Friday, March 18, 2011

The Reality of Hell to Which the Imagery Points

So in the last 2 weeks there have been ongoing conversations regarding the afterlife, particularly the nature of hell and who it is that is going there that have been brought to the forefront of evangelical Christianity by the recent published book Love Wins: A Book About Heaven, Hell and the Fate of Every Person Who Has Ever Lived by Rob Bell .

There have been quite enough comments on Rob Bell’s book on various blogs (I’ve even commented on a few blogs myself) so I will not get into those issues at the moment though I should be receiving the book any day now and will review it shortly.  For today I would just like to talk about how I have wrestled with this question and where I think I come down.  The following is a picture of how I have come to see hell (please watch the N.T. Wright video as well at the bottom for something more theologically articulate).

In the Lord of the Rings: Return of the King, the movie opens up with a scene of two Hobbits - Smeagol and Deagol fishing in a river.  Deagol catches a fish that is so large that it drags him into the river.  At the bottom of the river his eye catches the shine of a ring which he grabs and brings back to the bank of the river.  As he gazes at his newfound treasure his friend Smeagol is overcome with jealousy and ends up fighting and then strangling his friend for the ring.  Yet, unbeknownst to Smeagol this is no ordinary ring but an evil ring that will ultimately destroy his life (which is exactly what is portrayed in the montage that follows).  Smeagol becomes obsessed with this ring to the point that it drives him away from others, leads him into darkness and makes him a shadow of the person he once was to the point where he forgets the taste of bread and even his own name.  

This is such a profound picture of the effects of sin in our lives.  Most people have known someone who has been caught in the grips of addiction who has become only a shadow of his or her former self, doing things and going places that no person in his right mind would go or do.  And yet this is truly the trajectory of a life that is consumed by sin and that has rejected God.  Sin ultimately makes us less human and, if not dealt with, will eventually mar the very image of God right out of our lives.   Perhaps this is more the reality of what hell towards which the hellish imagery of the Bible is pointing.

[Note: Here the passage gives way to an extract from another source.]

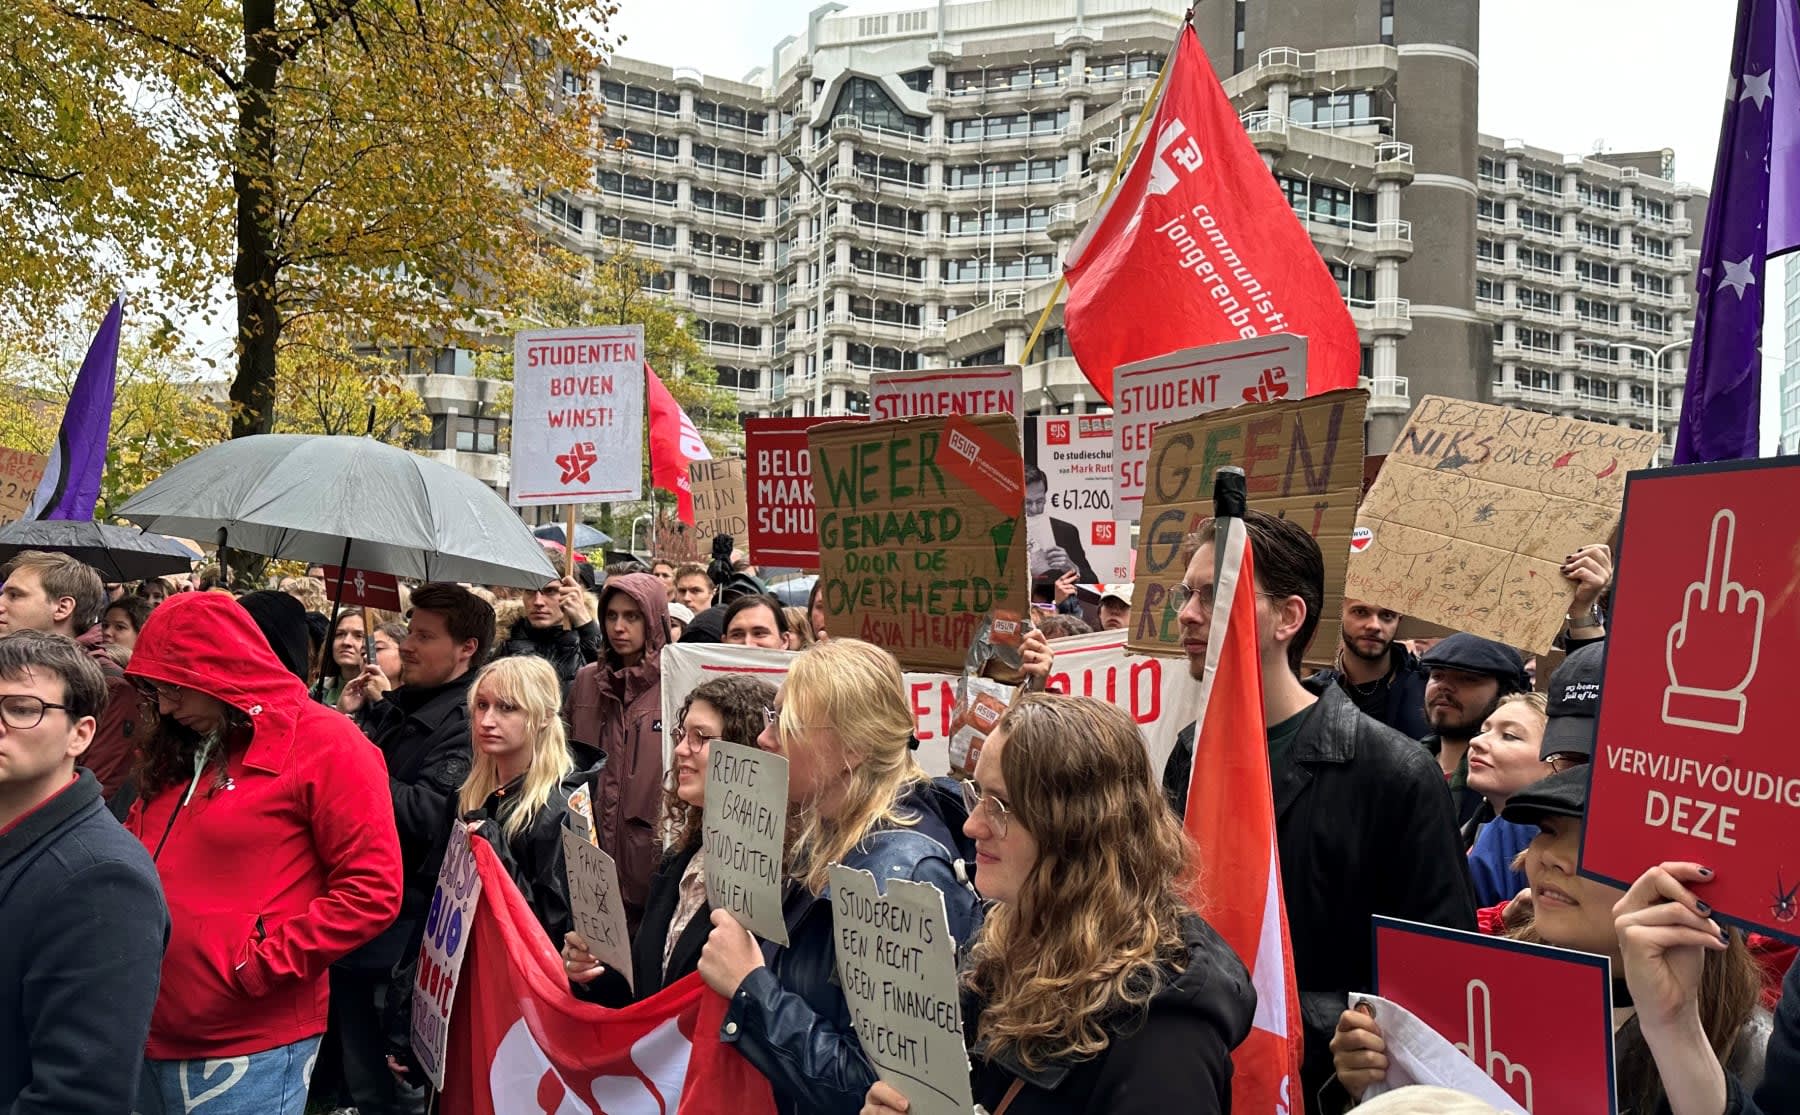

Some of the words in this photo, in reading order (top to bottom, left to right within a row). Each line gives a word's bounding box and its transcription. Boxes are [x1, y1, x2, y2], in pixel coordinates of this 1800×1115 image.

This view would be more in line with the likes of what N.T. Wright talks about in the video below (and of which he has written about in Surprised By Hope).   Check it out and leave your comments of how you have wrestled with the idea of “hell” and who it is that goes there.


Penny Murray said...

I've watched this N.T. Wright video several times, but it really comes to life with the images of Lord of The Rings as a visual! Love the combination.

brian jeansonne said...

Farewell, Tom Wright. Kidding.

I can see more Piper/Wright book debates coming in the future. If only I could make it through Justification.

Pi Man said...

I watched the video, Bro. And I don't really think he said anything that's not already been understood by those who seek the truth.

One's choice of abject rejection to God will ultimately provide for their own eternal destiny. The key word, as always, is "choice." It's a free-will choice, and that is the bottom line.

Narrow is the gate, but it's always been wide enough for all who will believe.



Carlos said...

Really a great description of hell being "away from God." Thanks for including the vid clip too. It is a great discussion piece. You can't go wrong with a Tolkien Christian imagery :) As a child I was never afraid of the "Deviled Ham" looking devil with the pitchfork, but I was always afraid of being away from God.